I was hoping you might have suggestions for storing loose-leaf teas. I’m a pretty avid collector and drinker of tea, and my collection has gotten to the point where it’s taken over my available pantry space. The traditional tins used for storing tea may keep it fresh, but they’re also big and add to the clutter. Any thoughts? Thanks!
As the weather turns cooler (at least in theory, we’ve had highs of 85 degrees in the Mid-Atlantic region all week), drinking a warm pot of tea is a terrific way to start a morning or settle in at night. Regardless of if you drink loose-leaf or pouch teas, storing the tea can be a cumbersome task.

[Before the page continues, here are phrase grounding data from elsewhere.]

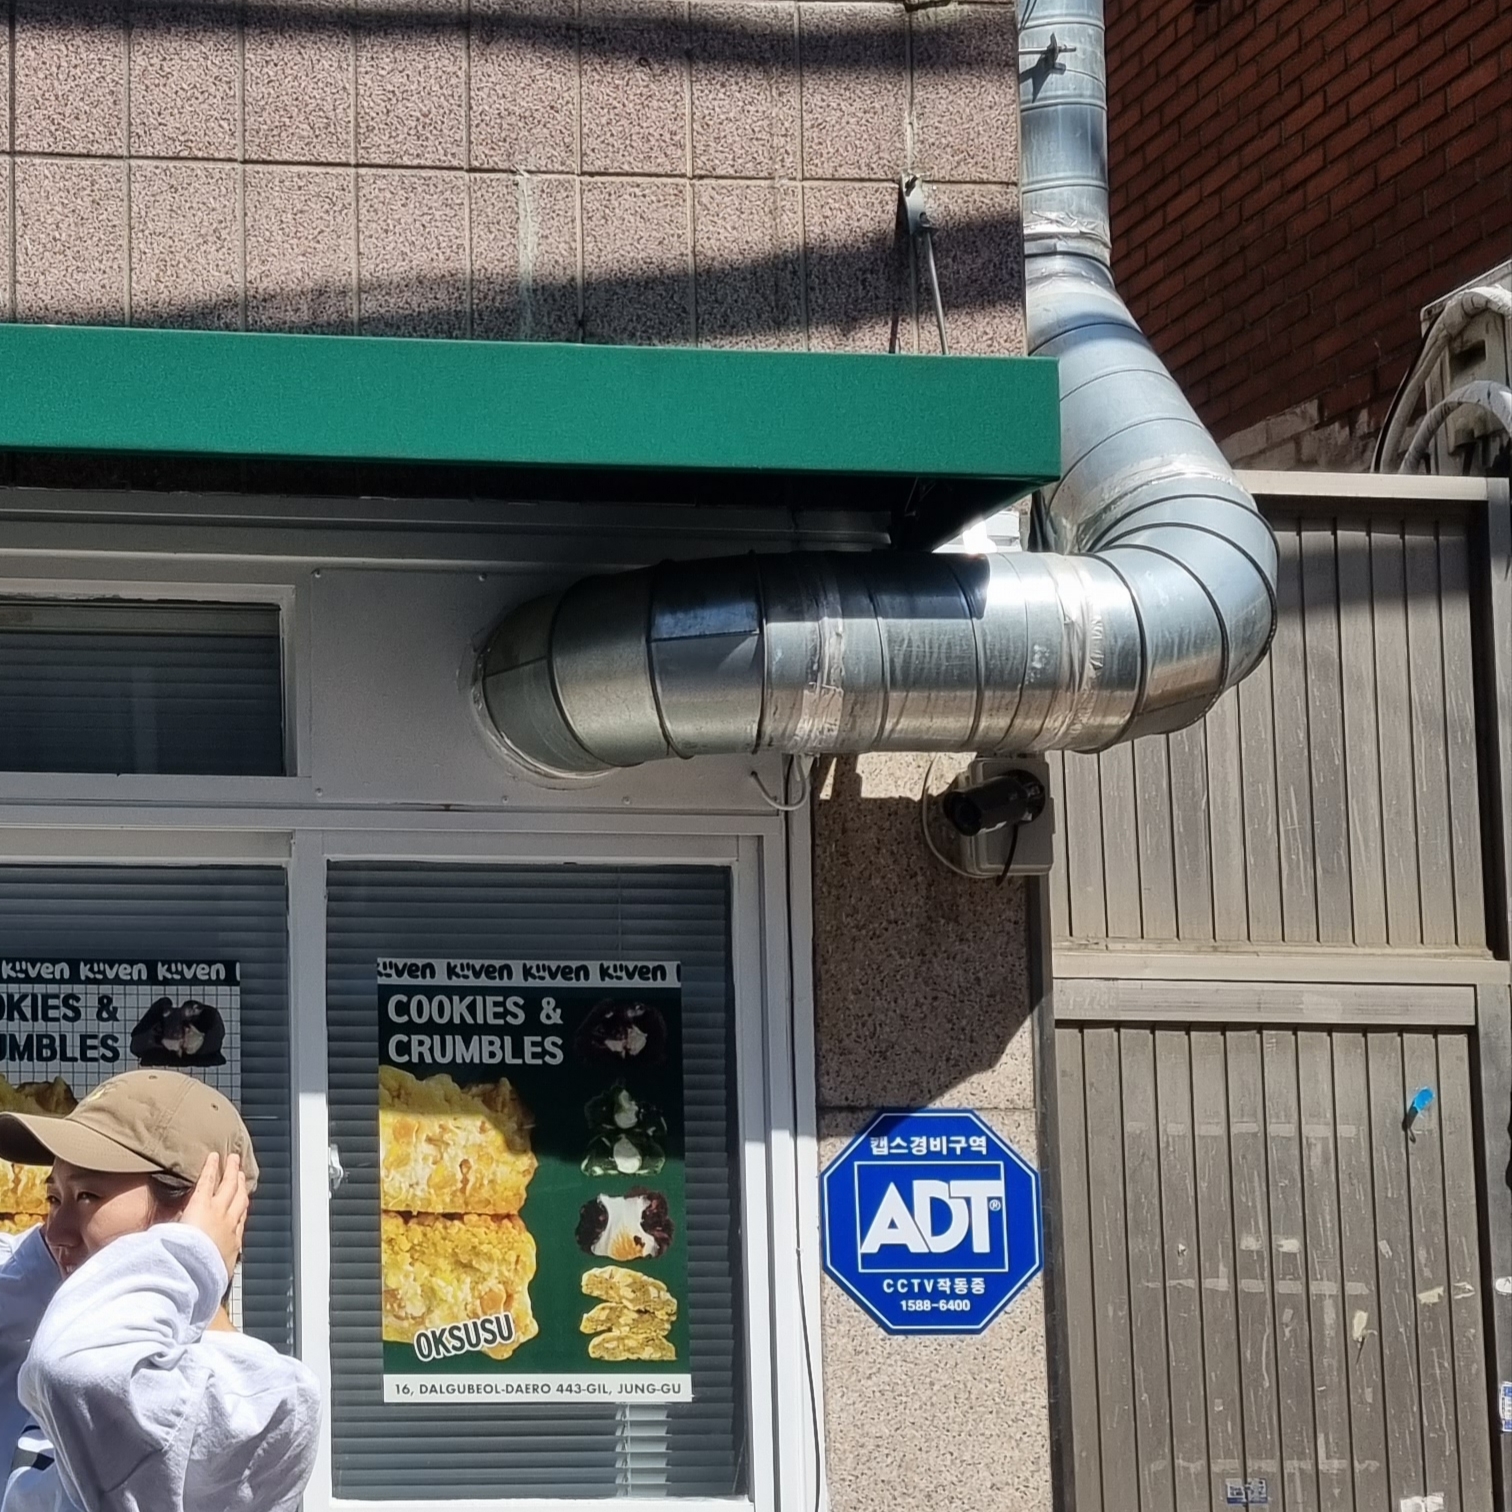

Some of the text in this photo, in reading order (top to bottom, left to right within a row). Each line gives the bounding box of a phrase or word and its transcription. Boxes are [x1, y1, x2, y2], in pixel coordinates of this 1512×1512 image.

[96, 995, 120, 1023] &
[388, 994, 564, 1025] COOKIES &
[388, 1034, 564, 1065] CRUMBLES
[870, 1136, 987, 1156] 캡스경비구역
[900, 1300, 971, 1311] 1588-6400
[416, 1314, 513, 1360] OKSUSU
[395, 1383, 681, 1396] 16, DALGUBEOL-DAERO 443-GIL, JUNG-GU
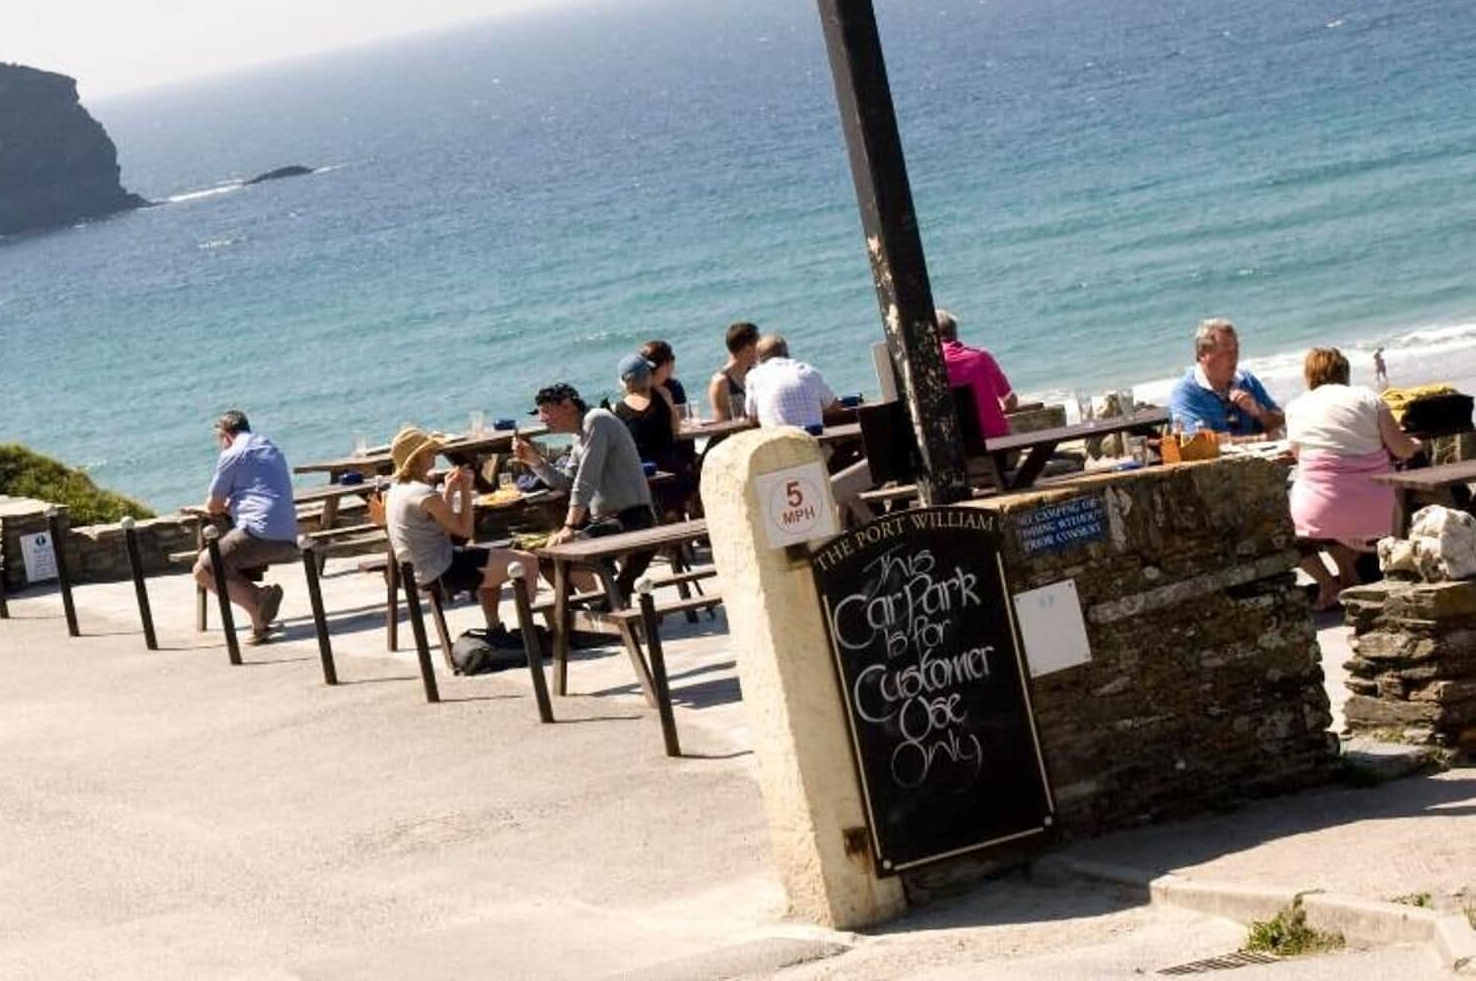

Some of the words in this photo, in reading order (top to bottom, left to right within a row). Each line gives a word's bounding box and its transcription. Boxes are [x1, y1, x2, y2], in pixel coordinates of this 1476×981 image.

[782, 506, 816, 524] MPH
[786, 480, 804, 508] 5
[816, 537, 855, 571] THE
[855, 517, 906, 548] PORT
[910, 510, 994, 532] WILLIAM
[862, 545, 936, 602] This
[912, 614, 953, 662] for
[853, 645, 996, 723] Customer
[890, 727, 983, 789] Only

To maintain its freshness, tea should be kept dry, at room temperature, away from direct light, and in an air-tight container. Additionally, tea should be stored away from other strong scents.

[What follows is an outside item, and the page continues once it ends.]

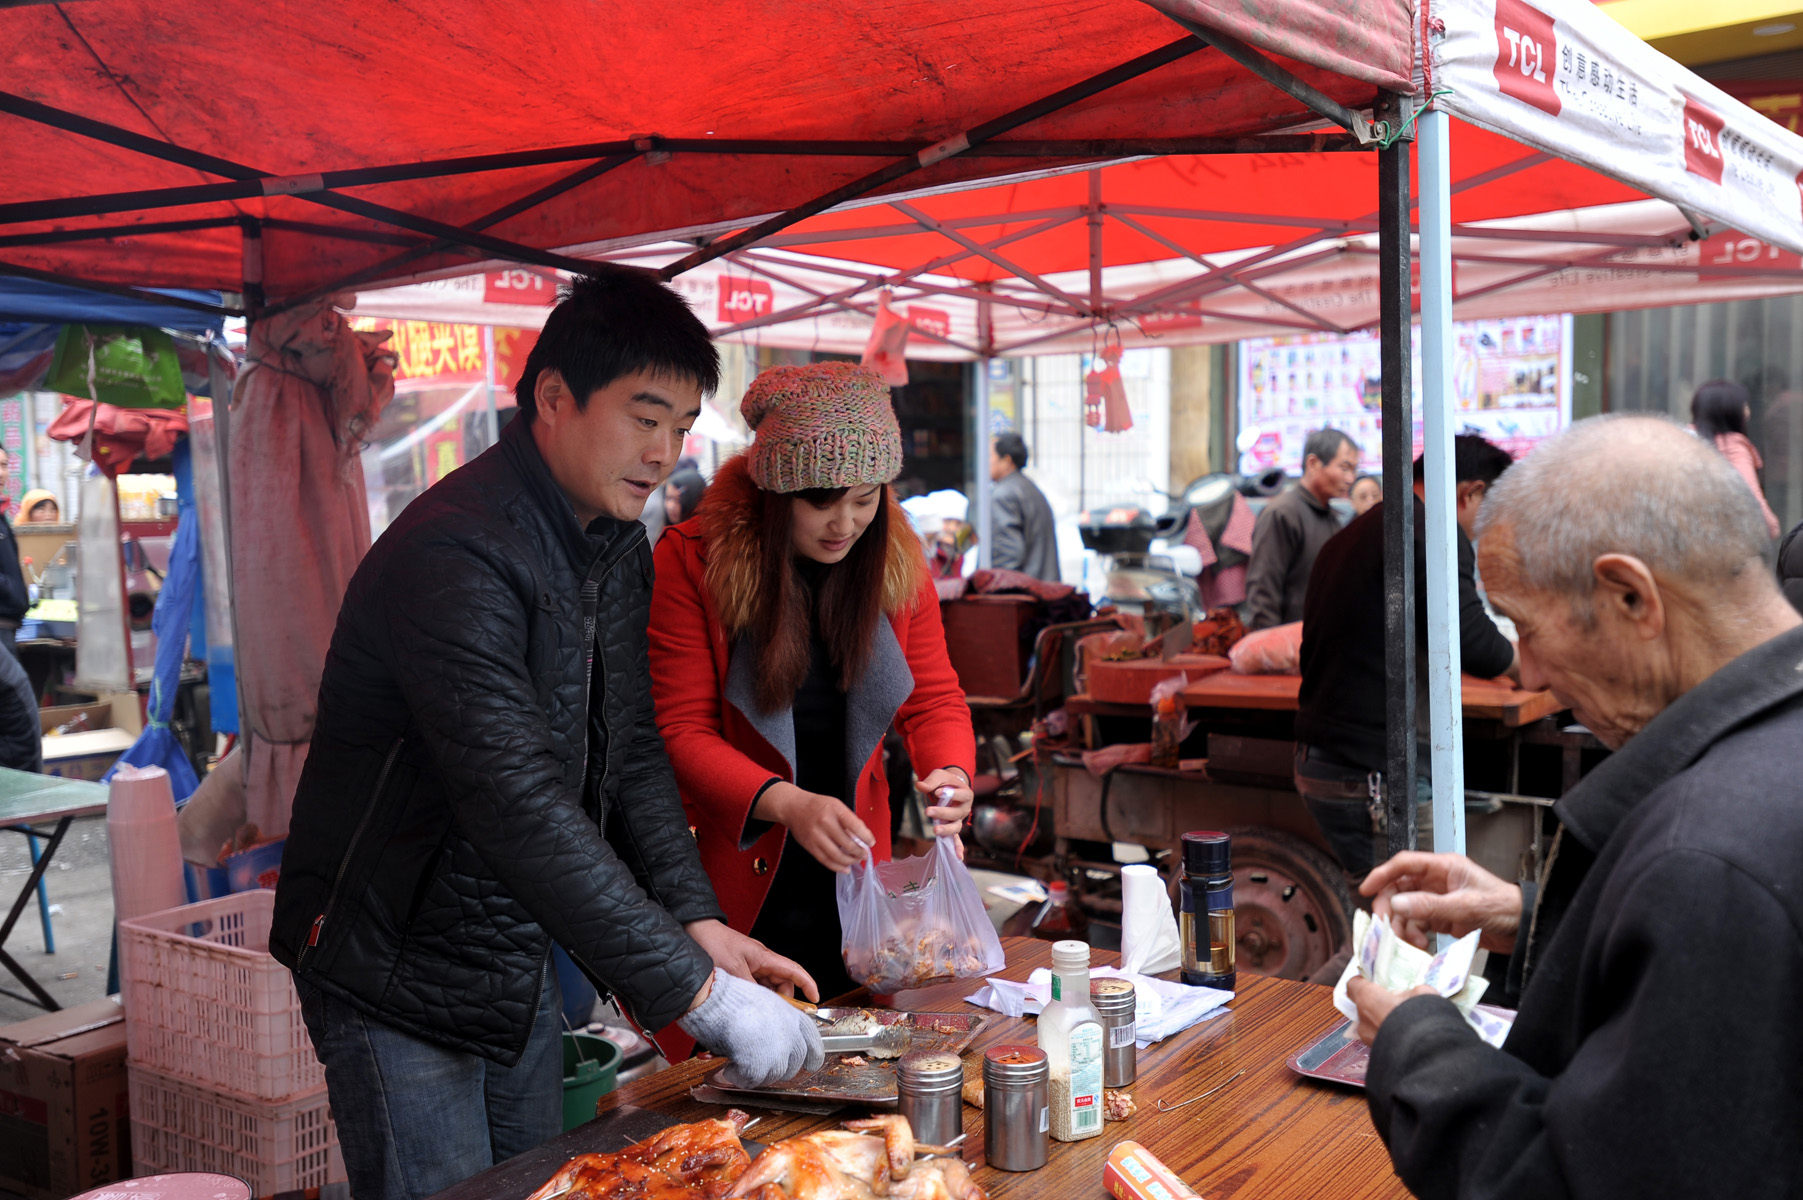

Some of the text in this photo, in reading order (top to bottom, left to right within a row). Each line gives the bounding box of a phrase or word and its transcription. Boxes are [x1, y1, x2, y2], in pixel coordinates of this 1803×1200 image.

[1503, 25, 1546, 84] TCL
[1562, 44, 1638, 107] 创意感动生活
[1687, 118, 1720, 159] TCL

If you typically drink mild aroma teas, then my first suggestion for you is the following low-cost method. Start by moving all of your teas out of their tins and into appropriately sized Ziploc bags. Using a permanent magic marker, label the exterior of the bag with the name of the tea and its purchase date. Finally, put all of the teas into an opaque storage container of your choice. I use a decorative canister for my teas to hide the utilitarian design of the Ziploc-style bags.

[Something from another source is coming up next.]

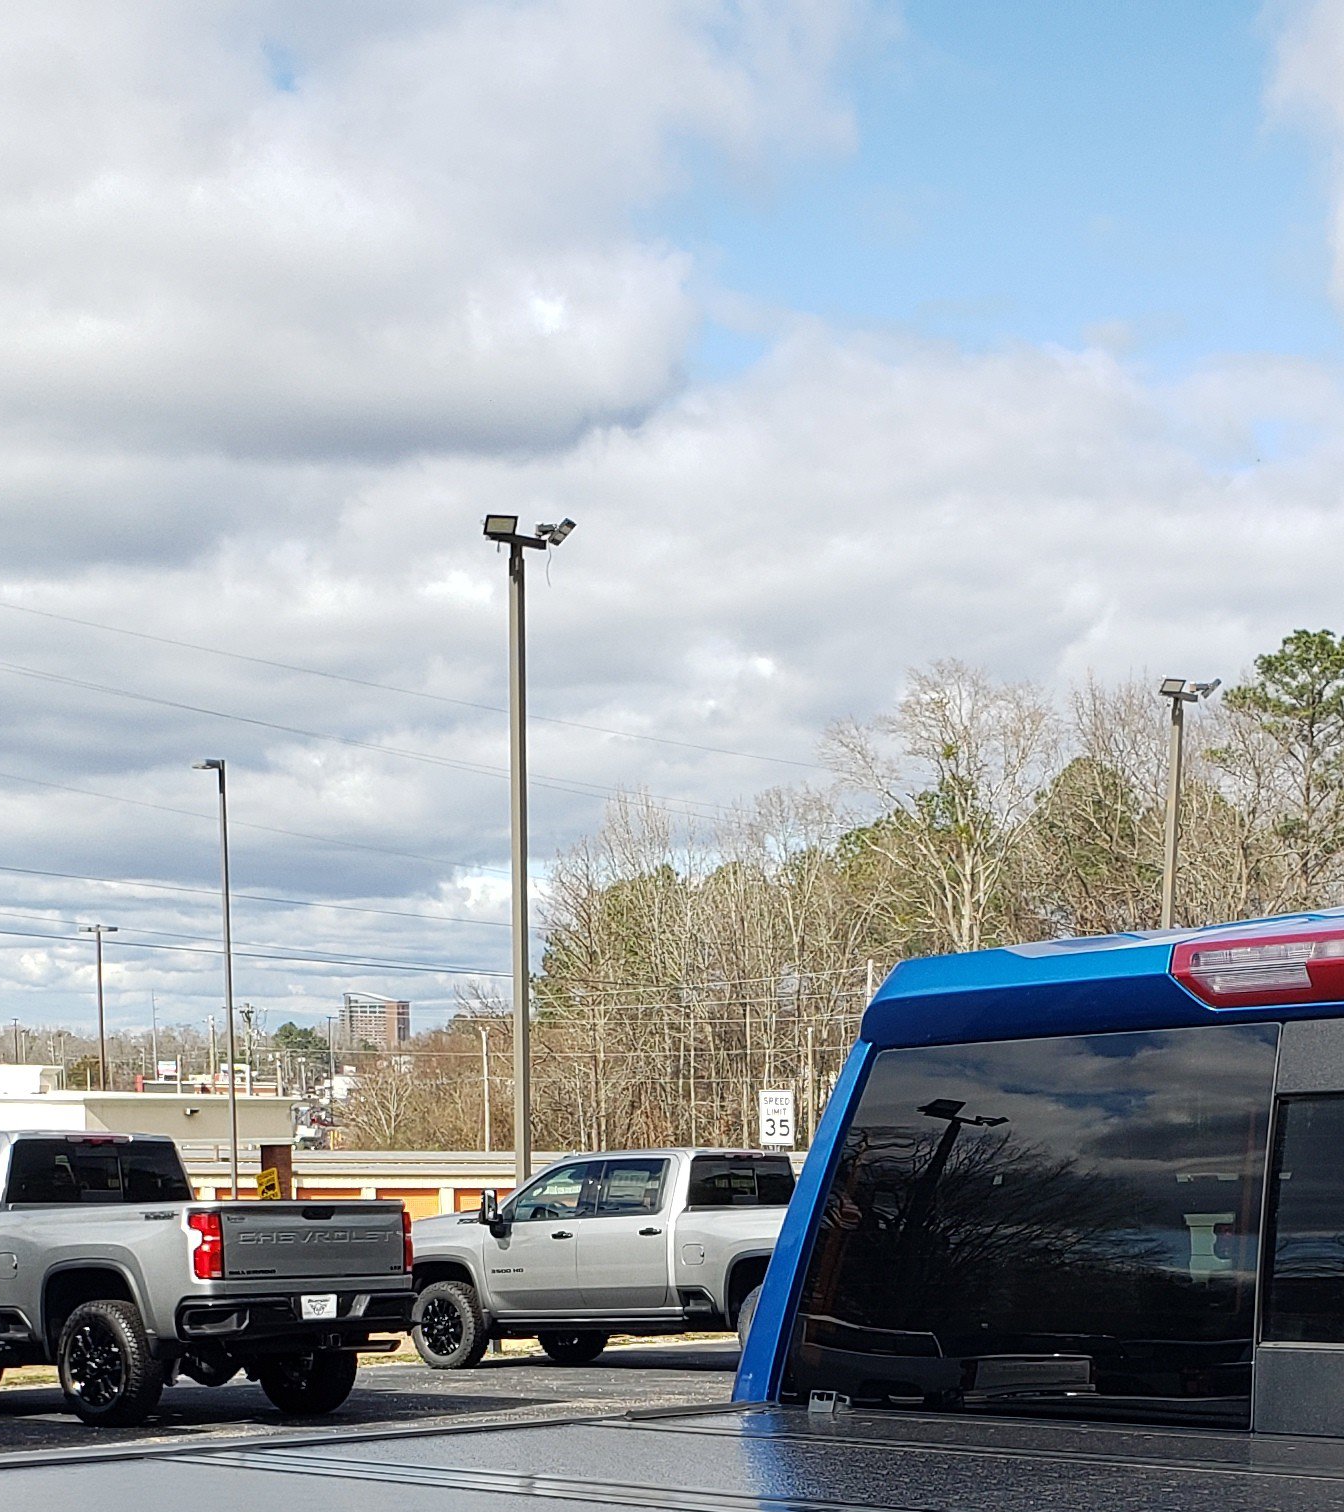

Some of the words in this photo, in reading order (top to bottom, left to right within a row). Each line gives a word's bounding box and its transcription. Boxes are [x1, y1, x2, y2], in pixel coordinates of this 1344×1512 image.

[763, 1096, 790, 1105] SPEED
[765, 1118, 790, 1136] 35
[238, 1229, 394, 1245] CHEVROLET

If you tend to drink strong aroma teas, then my first suggestion isn’t going to work for you. If you put all of your teas together, their scents will infuse with each other and you’ll have bizarre flavored concoctions. In this situation, I suggest storing all of your mild aroma teas as described previously and then keeping your strong aroma teas in their supplied tins (as long as the supplied tins are air tight). My assumption is that you only have one or two strong aroma teas, so they will take up a limited space in your cupboard.
Another option is to use air-tight spice bottles and a spice rack of your preference. It isn’t as financially friendly, but it will certainly take up less space. You will need to store the spice rack in a dark pantry or drawer to keep the teas out of direct light, but the glass or metal will keep strong aromas from cross infusing.
Good luck, Jeni, with your endeavor to free up space in your pantry!
This post has been updated since its original publication in October 2007.